**Problem**
The reply should contain all the data below, repeated exactly, and none of the images.

########################################

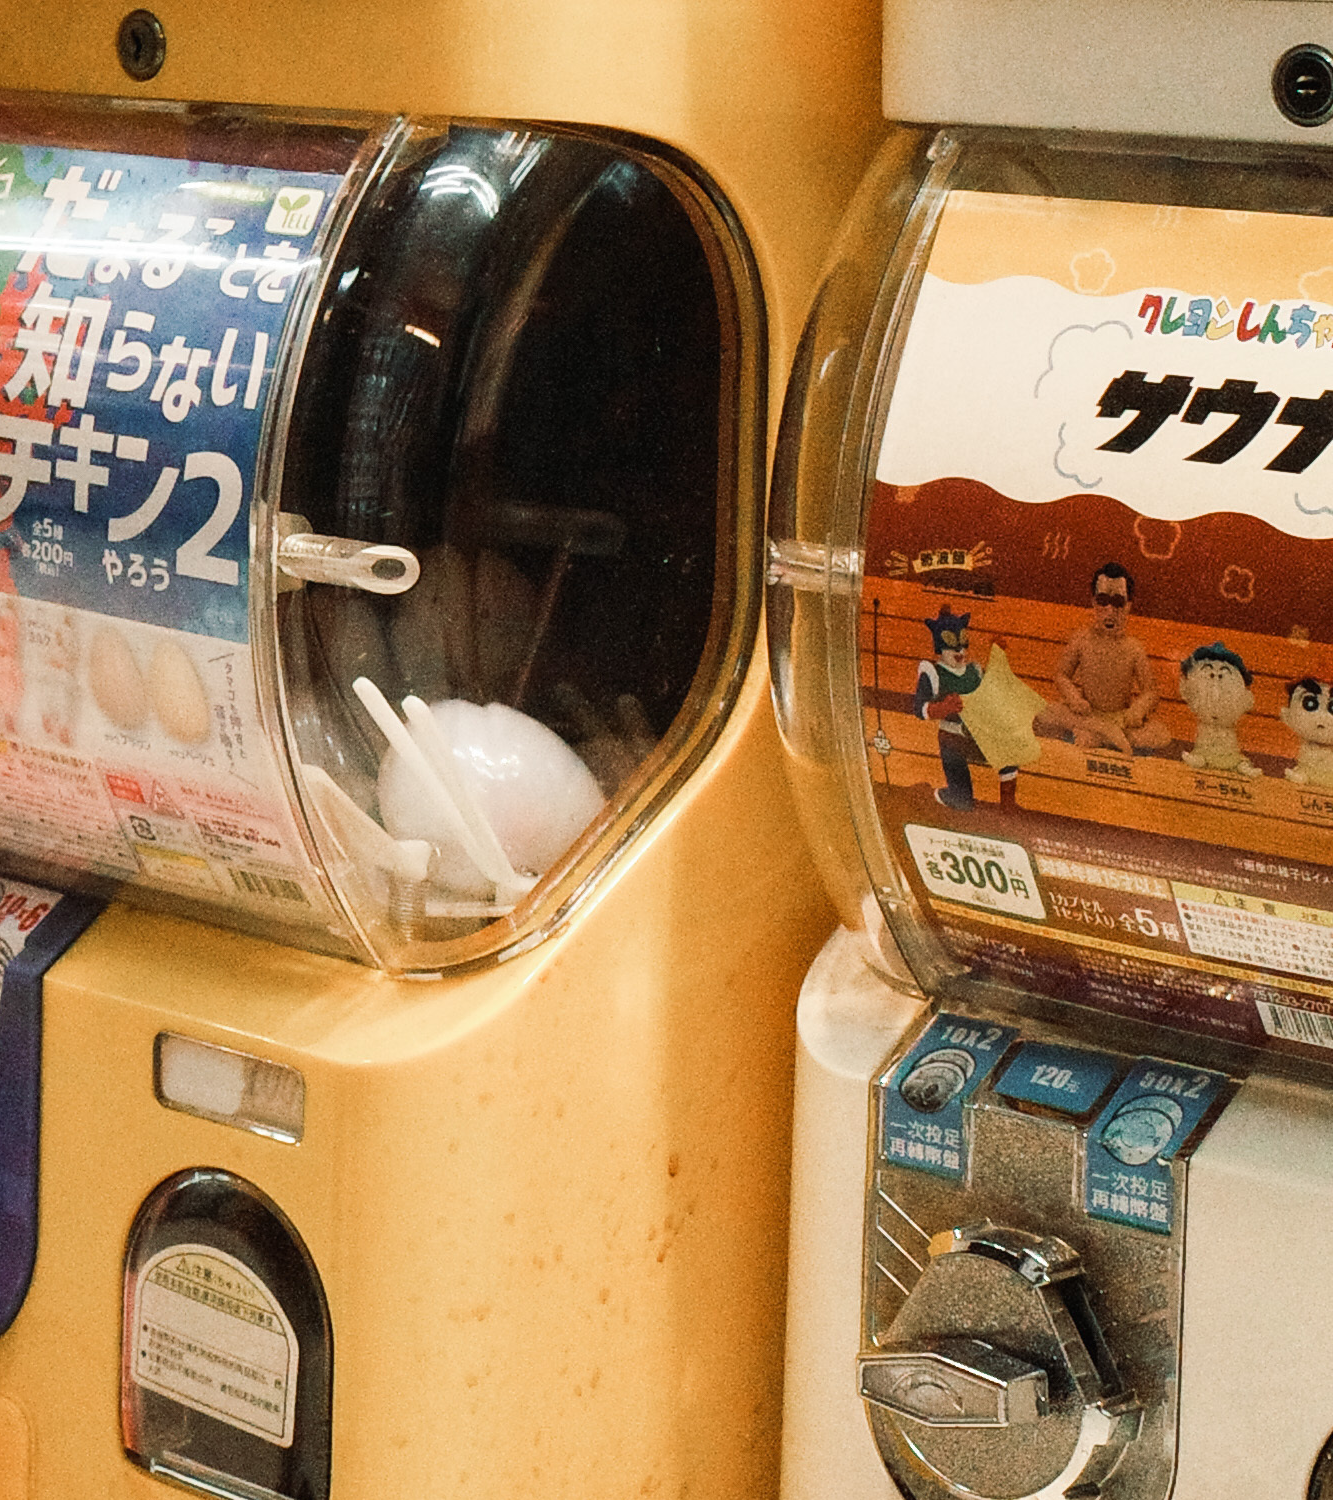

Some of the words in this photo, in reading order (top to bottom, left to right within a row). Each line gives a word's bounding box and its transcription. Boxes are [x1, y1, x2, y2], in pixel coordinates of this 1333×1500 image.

[1138, 294, 1333, 349] クレヨンしんちゃ
[2, 281, 269, 424] 知らない
[1095, 370, 1333, 475] サウナ
[32, 518, 64, 541] 全5種
[102, 548, 171, 591] やろう
[926, 851, 1030, 900] 各300円
[1118, 905, 1180, 943] 全5種
[890, 1120, 961, 1147] 一次投足
[890, 1137, 961, 1170] 再轉幣盤
[1091, 1188, 1169, 1223] 再轉幣盤
[1092, 1171, 1168, 1202] 一次投足
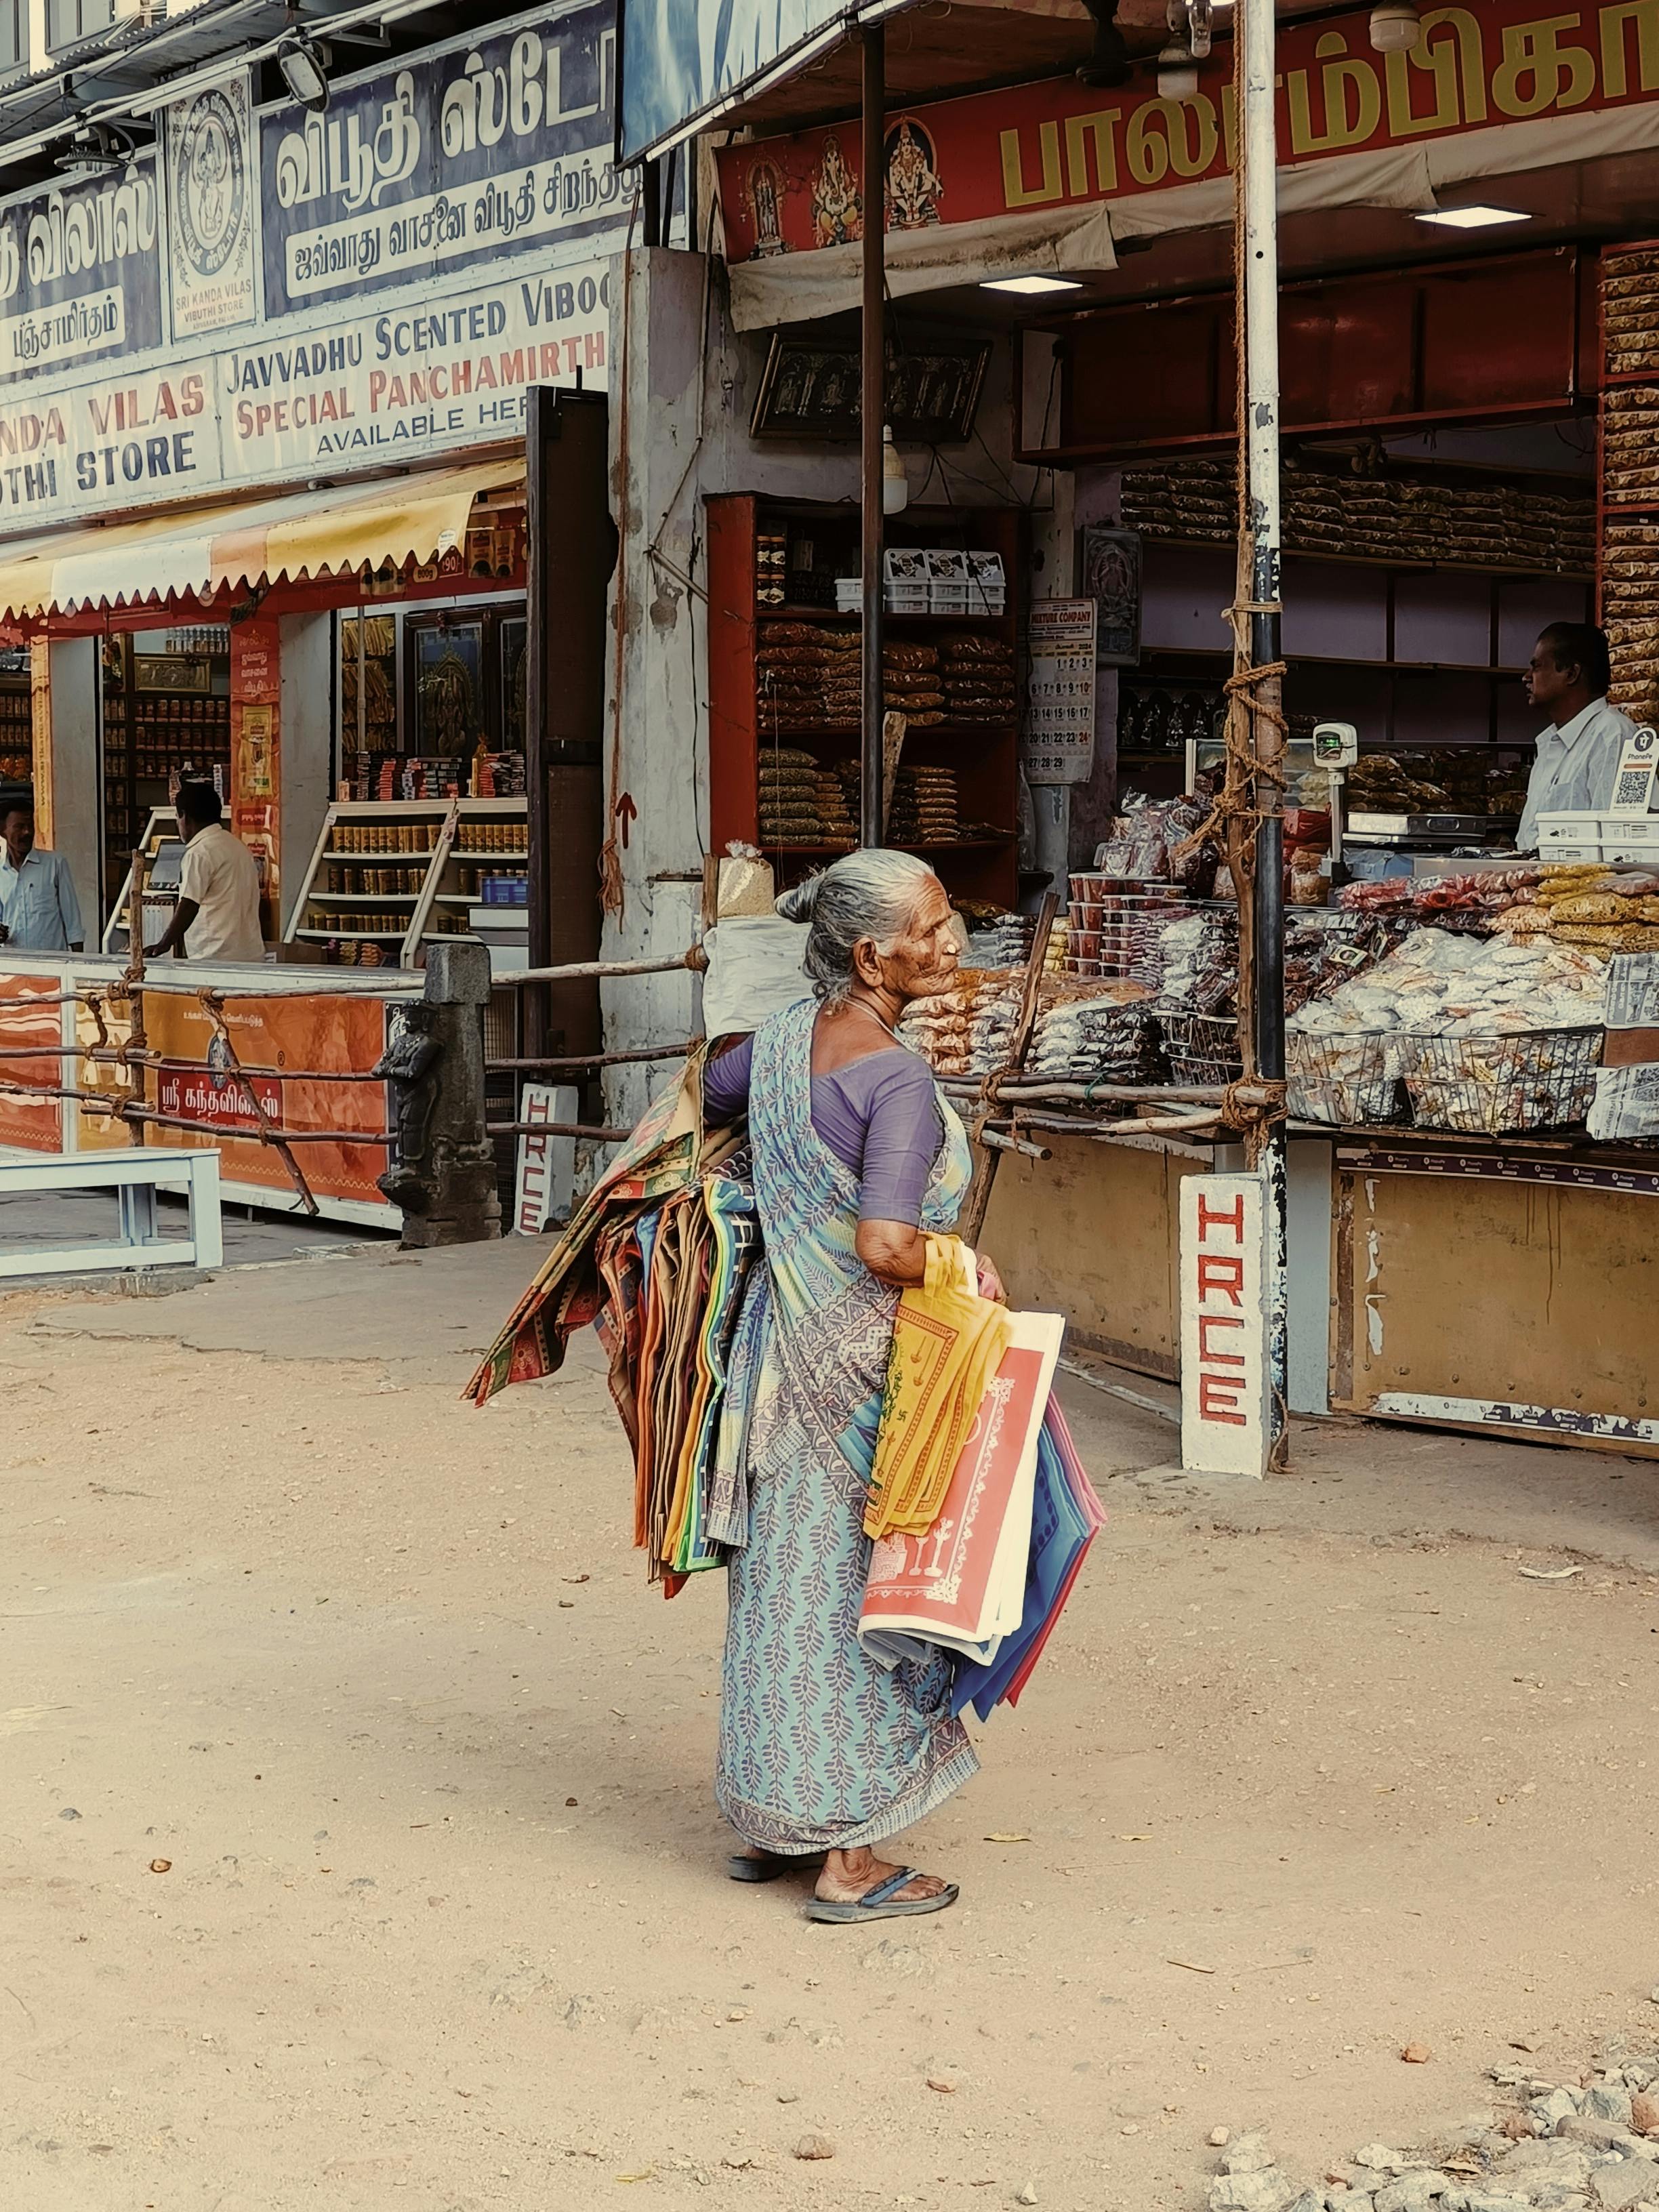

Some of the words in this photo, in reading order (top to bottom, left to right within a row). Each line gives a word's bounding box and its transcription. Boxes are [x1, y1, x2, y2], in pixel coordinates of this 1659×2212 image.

[276, 70, 420, 213] விபூதி
[441, 30, 616, 158] ஸ்டோ
[28, 164, 156, 285] விலாஸ்
[295, 226, 380, 281] ஜவ்வாது
[389, 197, 467, 258] வாசனை
[474, 170, 535, 236] விபூதி
[176, 295, 189, 311] SRI
[192, 287, 222, 306] KANDA
[225, 279, 251, 297] VILAS
[184, 306, 216, 323] VIBUTHI
[218, 299, 244, 314] STORE
[14, 295, 117, 360] பஞ்சாமிர்தம்
[226, 333, 362, 395] JAVVADHU
[375, 300, 506, 361] SCENTED
[87, 374, 204, 435] VILAS
[237, 386, 355, 441] SPECIAL
[370, 331, 605, 413] PANCHAMIRTH
[316, 407, 464, 456] AVAILABLE
[0, 459, 57, 505] THI
[76, 430, 196, 491] STORE
[1031, 613, 1057, 624] MIXTURE
[1059, 611, 1090, 623] COMPANY
[1031, 684, 1036, 694] 6
[1044, 684, 1048, 693] 7
[1057, 683, 1061, 693] 8
[1069, 682, 1073, 693] 9
[1080, 682, 1088, 693] 10
[1057, 659, 1061, 668] 1
[1069, 658, 1074, 668] 2
[1082, 657, 1086, 668] 3
[1029, 733, 1038, 743] 20
[1042, 733, 1050, 743] 21
[1054, 733, 1062, 743] 22
[1067, 732, 1075, 742] 23
[1079, 732, 1088, 742] 24
[1030, 708, 1038, 718] 13
[1042, 708, 1050, 718] 14
[1054, 708, 1062, 718] 15
[1067, 707, 1075, 717] 16
[1080, 707, 1088, 717] 17
[1029, 758, 1038, 767] 27
[1042, 758, 1050, 767] 28
[1054, 757, 1062, 767] 29
[185, 1081, 278, 1118] கந்தவிலஸ்
[520, 1094, 550, 1233] HRCE
[1198, 1193, 1246, 1426] HRCE
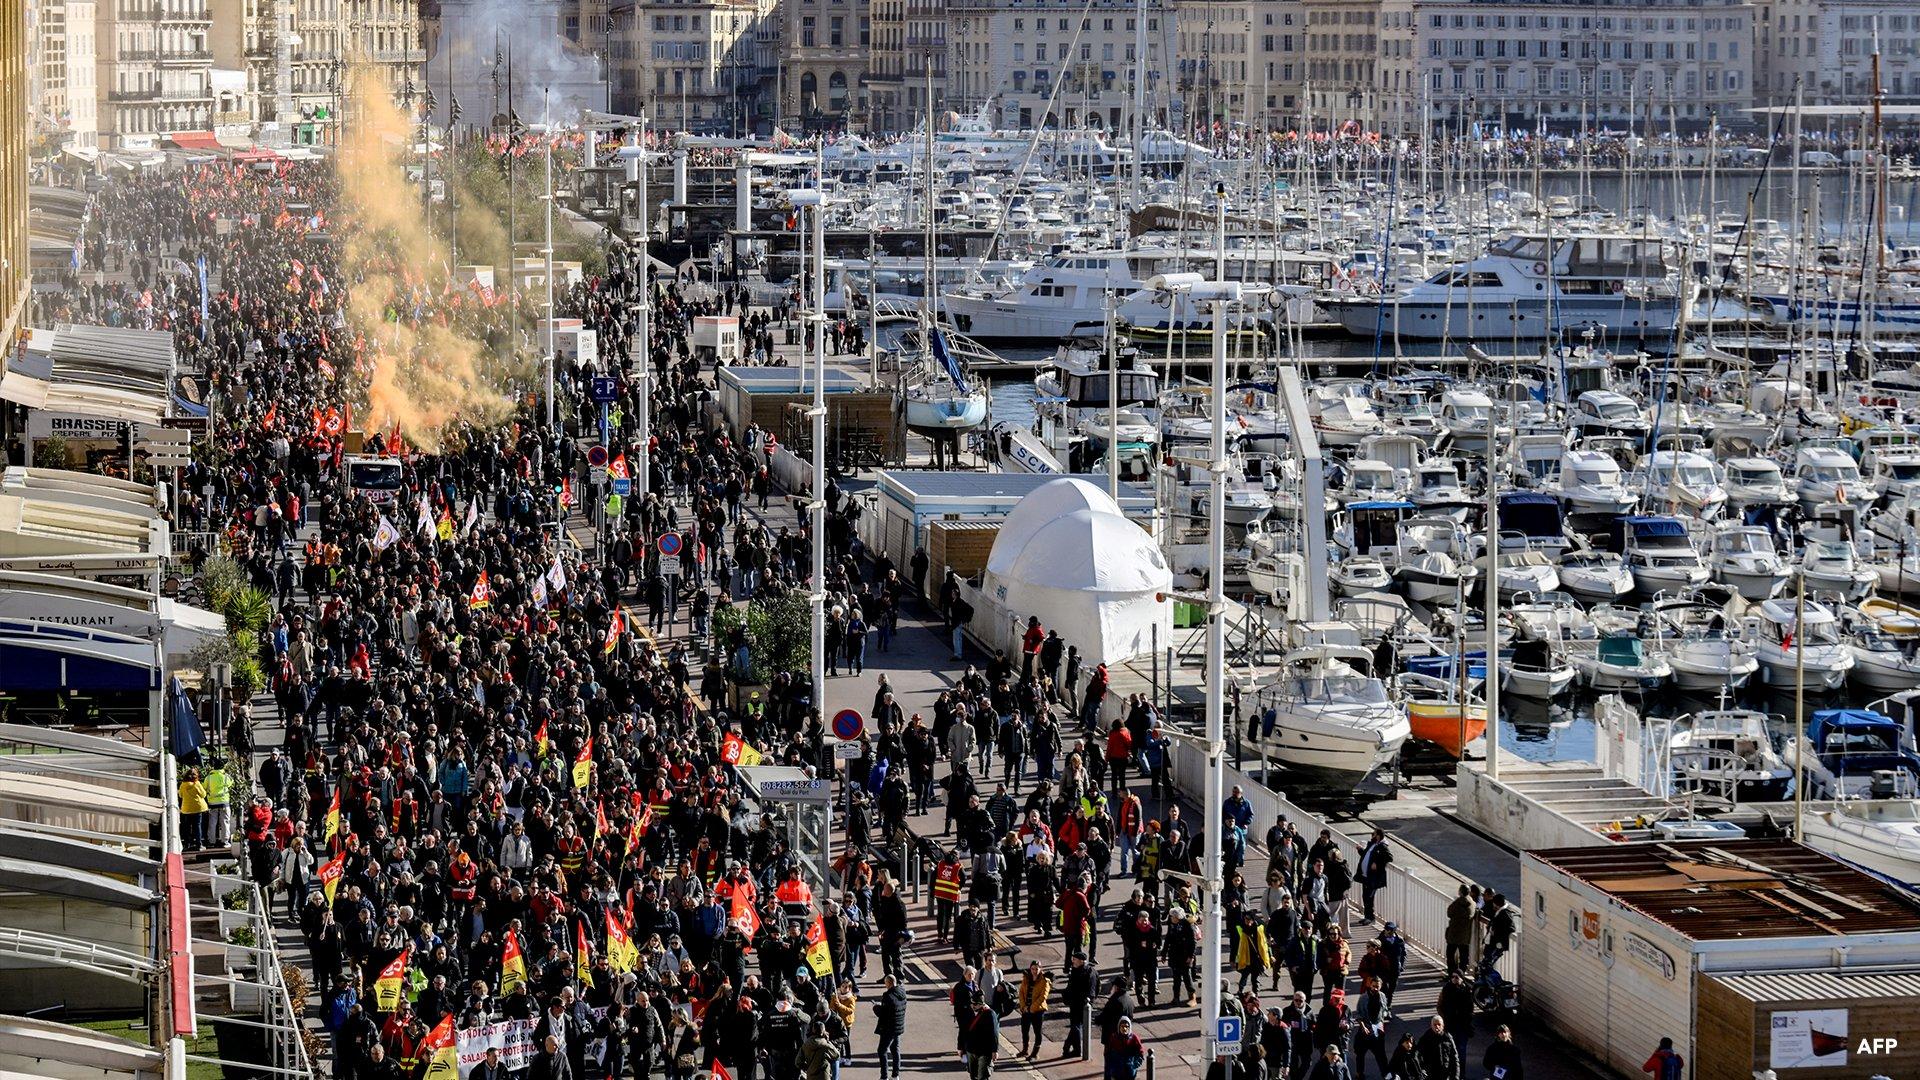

########################################

**Response to the exercise**
Some of the words in this photo, in reading order (top to bottom, left to right within a row). Each line gives a word's bounding box and its transcription. Boxes are [x1, y1, x2, y2], in pixel coordinates of this 1333×1500 image.

[1138, 294, 1333, 349] クレヨンしんちゃ
[2, 281, 269, 424] 知らない
[1095, 370, 1333, 475] サウナ
[32, 518, 64, 541] 全5種
[102, 548, 171, 591] やろう
[926, 851, 1030, 900] 各300円
[1118, 905, 1180, 943] 全5種
[890, 1120, 961, 1147] 一次投足
[890, 1137, 961, 1170] 再轉幣盤
[1091, 1188, 1169, 1223] 再轉幣盤
[1092, 1171, 1168, 1202] 一次投足

Some of the words in this photo, in reading order (top to bottom, left to right within a row). Each line gives a word's bounding box and its transcription. Boxes are [x1, y1, x2, y2], in pixel coordinates of this 1659×2212 image.

[276, 70, 420, 213] விபூதி
[441, 30, 616, 158] ஸ்டோ
[28, 164, 156, 285] விலாஸ்
[295, 226, 380, 281] ஜவ்வாது
[389, 197, 467, 258] வாசனை
[474, 170, 535, 236] விபூதி
[176, 295, 189, 311] SRI
[192, 287, 222, 306] KANDA
[225, 279, 251, 297] VILAS
[184, 306, 216, 323] VIBUTHI
[218, 299, 244, 314] STORE
[14, 295, 117, 360] பஞ்சாமிர்தம்
[226, 333, 362, 395] JAVVADHU
[375, 300, 506, 361] SCENTED
[87, 374, 204, 435] VILAS
[237, 386, 355, 441] SPECIAL
[370, 331, 605, 413] PANCHAMIRTH
[316, 407, 464, 456] AVAILABLE
[0, 459, 57, 505] THI
[76, 430, 196, 491] STORE
[1031, 613, 1057, 624] MIXTURE
[1059, 611, 1090, 623] COMPANY
[1031, 684, 1036, 694] 6
[1044, 684, 1048, 693] 7
[1057, 683, 1061, 693] 8
[1069, 682, 1073, 693] 9
[1080, 682, 1088, 693] 10
[1057, 659, 1061, 668] 1
[1069, 658, 1074, 668] 2
[1082, 657, 1086, 668] 3
[1029, 733, 1038, 743] 20
[1042, 733, 1050, 743] 21
[1054, 733, 1062, 743] 22
[1067, 732, 1075, 742] 23
[1079, 732, 1088, 742] 24
[1030, 708, 1038, 718] 13
[1042, 708, 1050, 718] 14
[1054, 708, 1062, 718] 15
[1067, 707, 1075, 717] 16
[1080, 707, 1088, 717] 17
[1029, 758, 1038, 767] 27
[1042, 758, 1050, 767] 28
[1054, 757, 1062, 767] 29
[185, 1081, 278, 1118] கந்தவிலஸ்
[520, 1094, 550, 1233] HRCE
[1198, 1193, 1246, 1426] HRCE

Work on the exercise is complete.